Try it: Write out the data below in full, unchanged, minus the images.
· · · · · · ·
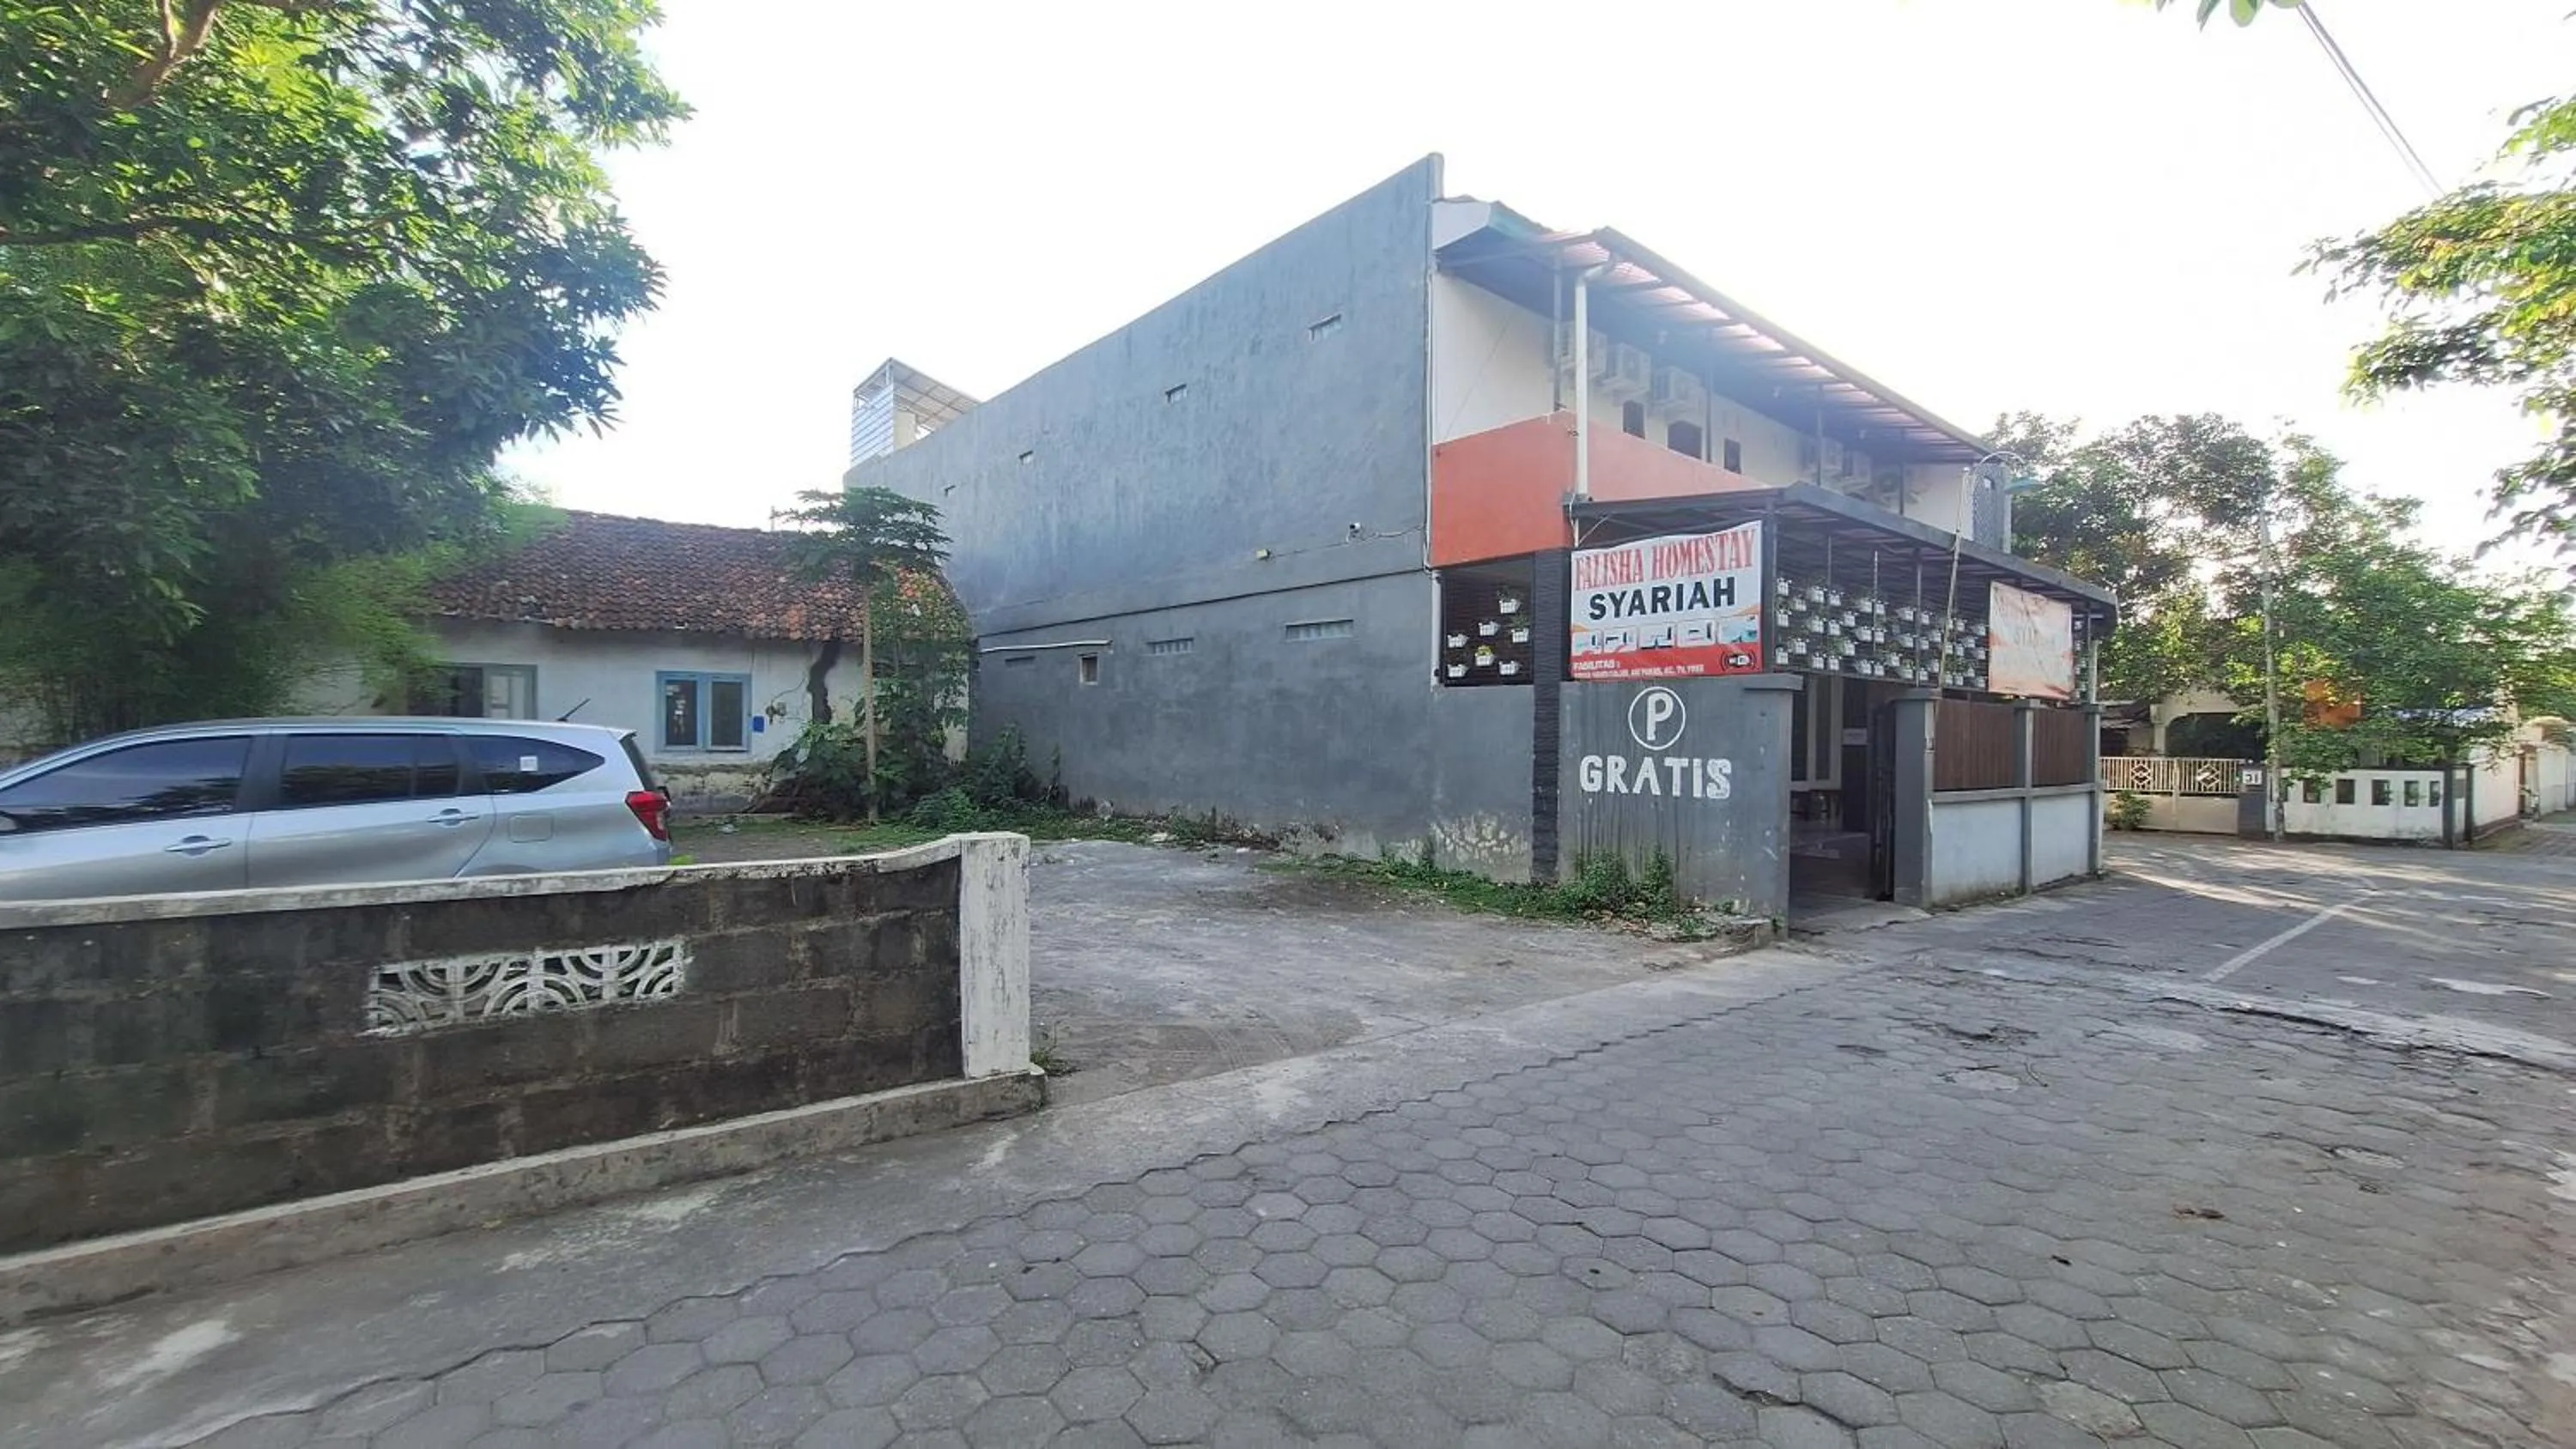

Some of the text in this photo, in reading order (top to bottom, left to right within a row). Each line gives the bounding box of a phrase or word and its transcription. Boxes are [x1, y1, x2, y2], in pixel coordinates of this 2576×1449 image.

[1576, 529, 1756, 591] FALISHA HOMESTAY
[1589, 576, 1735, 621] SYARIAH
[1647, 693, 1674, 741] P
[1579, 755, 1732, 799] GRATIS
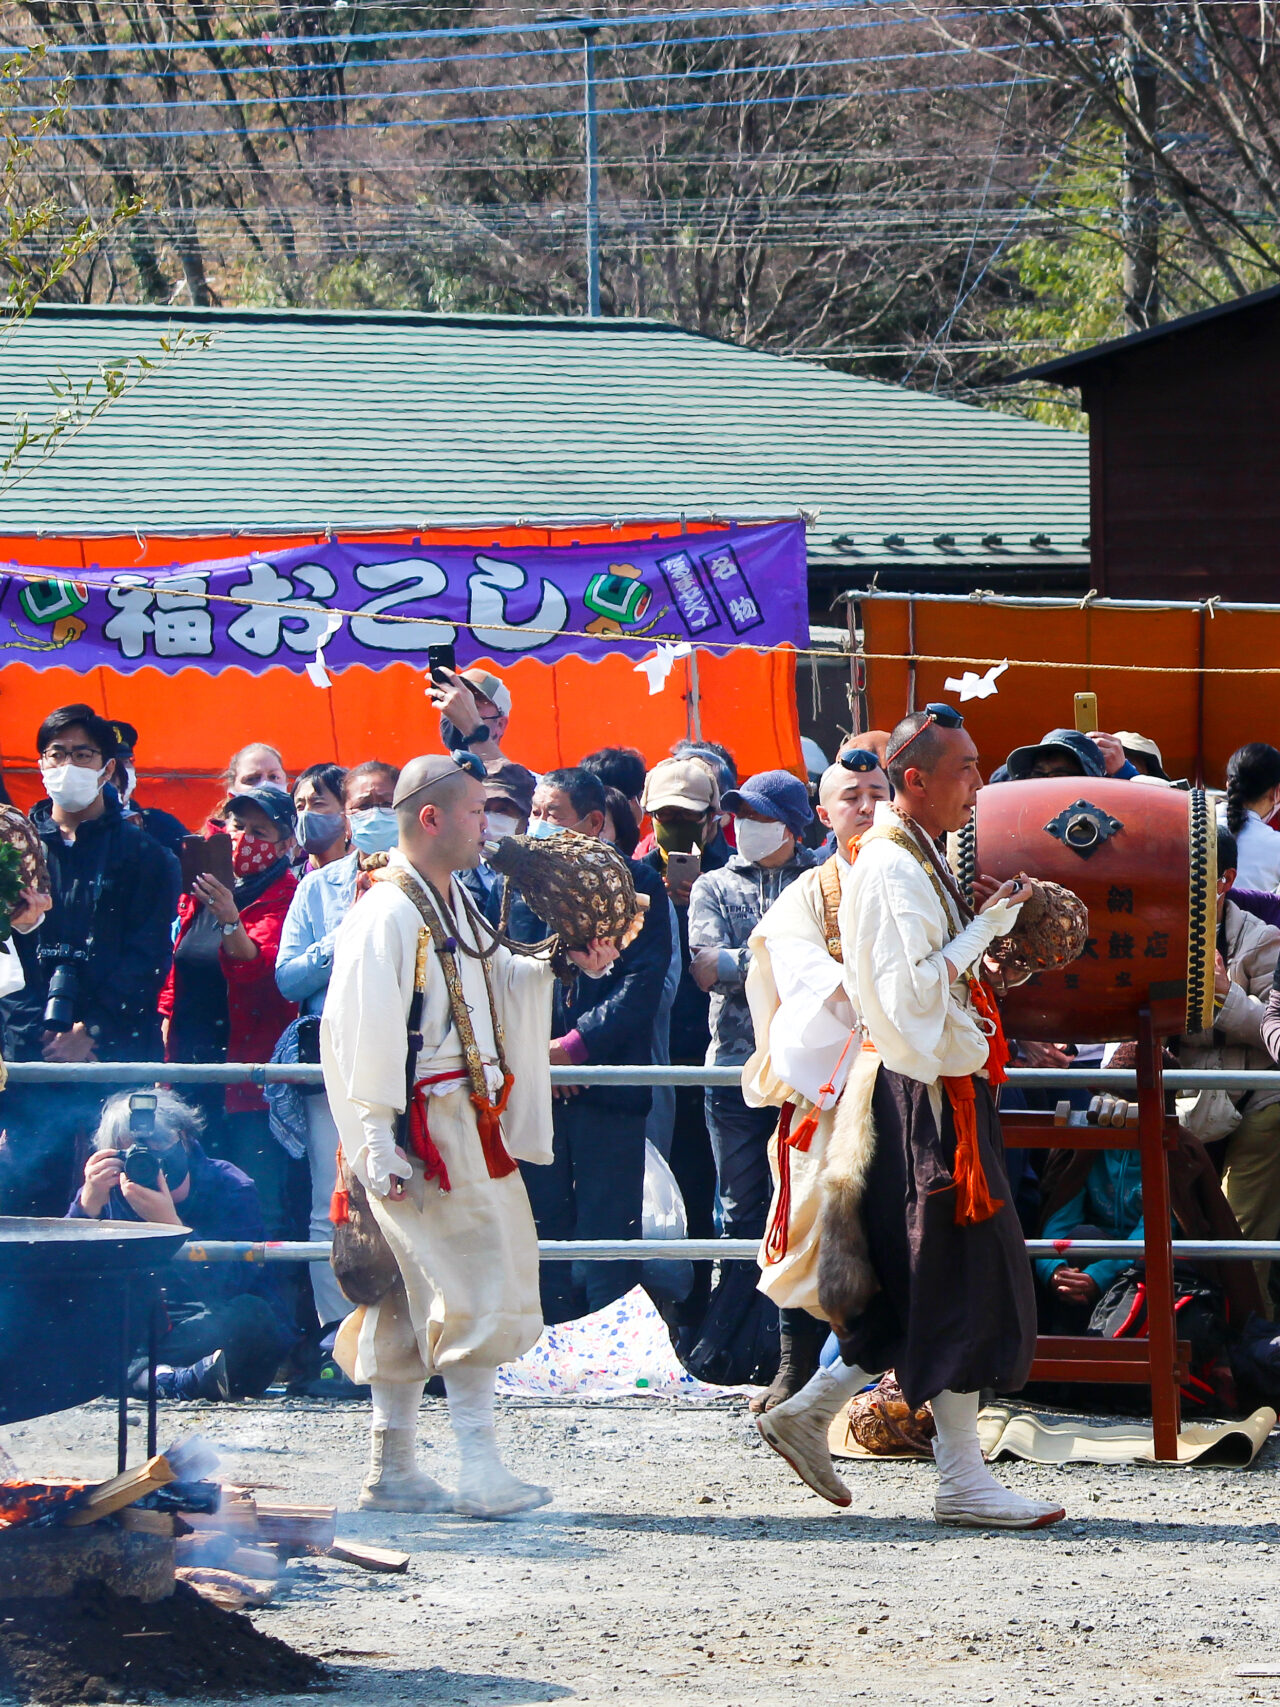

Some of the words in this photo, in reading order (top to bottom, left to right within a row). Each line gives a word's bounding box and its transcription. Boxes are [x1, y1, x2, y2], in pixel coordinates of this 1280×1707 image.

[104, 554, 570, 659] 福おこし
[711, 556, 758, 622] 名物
· · · · · · ·
Task output:
Some of the text in this photo, in reading order (top to bottom, left to right within a row). Each line gives the bounding box of a phrase or word and its transcription. Boxes are [x1, y1, x2, y2], in pixel coordinates of this 2576×1449 image.

[1576, 529, 1756, 591] FALISHA HOMESTAY
[1589, 576, 1735, 621] SYARIAH
[1647, 693, 1674, 741] P
[1579, 755, 1732, 799] GRATIS

Some of the words in this photo, in reading order (top to bottom, left to right within a row). Each line gives a word's bounding box and its transcription. Boxes are [x1, y1, x2, y2], in pixel coordinates of this 1280×1707 image.

[104, 554, 570, 659] 福おこし
[711, 556, 758, 622] 名物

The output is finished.